[Records for the exercise]

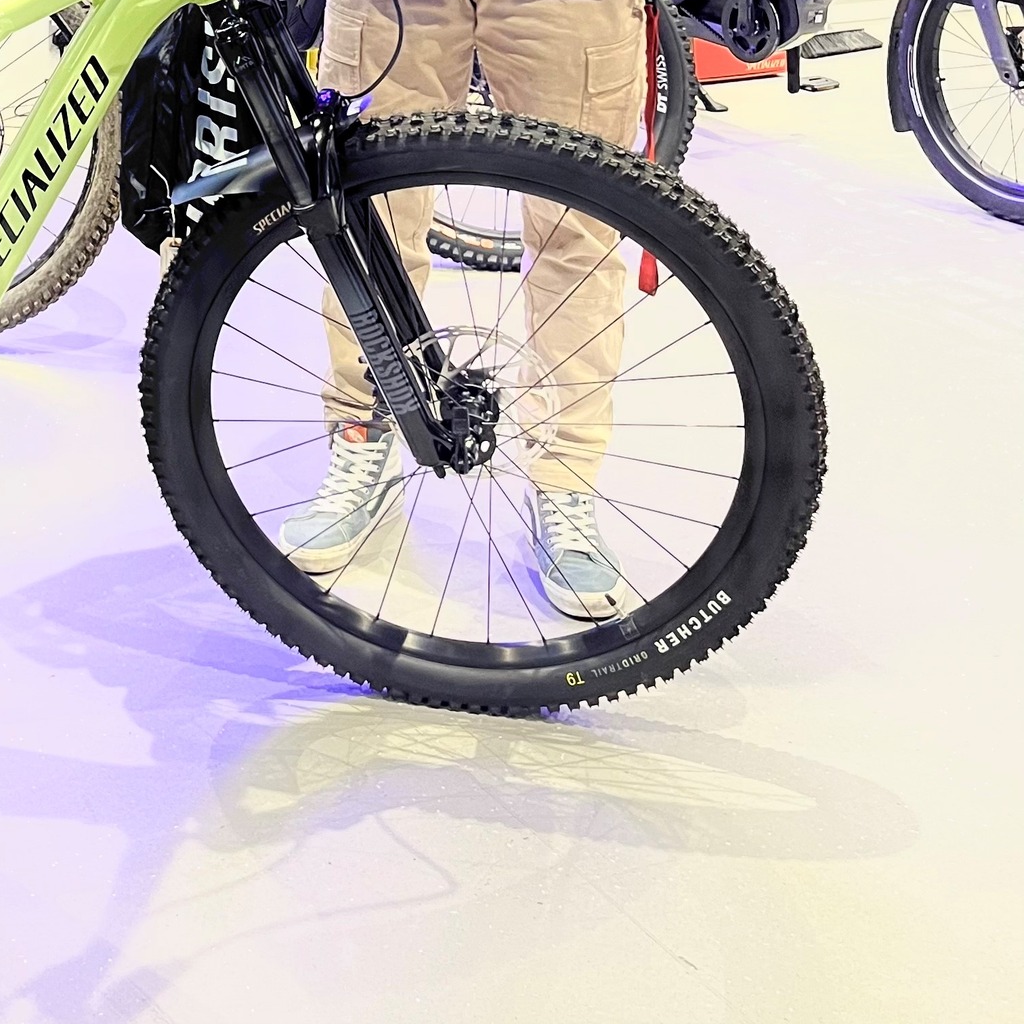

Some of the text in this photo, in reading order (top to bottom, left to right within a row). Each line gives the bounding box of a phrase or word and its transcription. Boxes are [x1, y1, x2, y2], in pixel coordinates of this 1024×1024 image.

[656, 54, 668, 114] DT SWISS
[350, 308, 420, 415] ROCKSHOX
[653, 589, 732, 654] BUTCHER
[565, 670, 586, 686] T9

[/Records for the exercise]

* Problem requirements *
In your copy, leave out the pictures and reproduce the material above exactly.

* Result *
Some of the text in this photo, in reading order (top to bottom, left to right within a row). Each line gives the bounding box of a phrase or word and its transcription. Boxes are [x1, y1, x2, y2], in pixel coordinates of this 1024×1024 image.

[656, 54, 668, 114] DT SWISS
[350, 308, 420, 415] ROCKSHOX
[653, 589, 732, 654] BUTCHER
[565, 670, 586, 686] T9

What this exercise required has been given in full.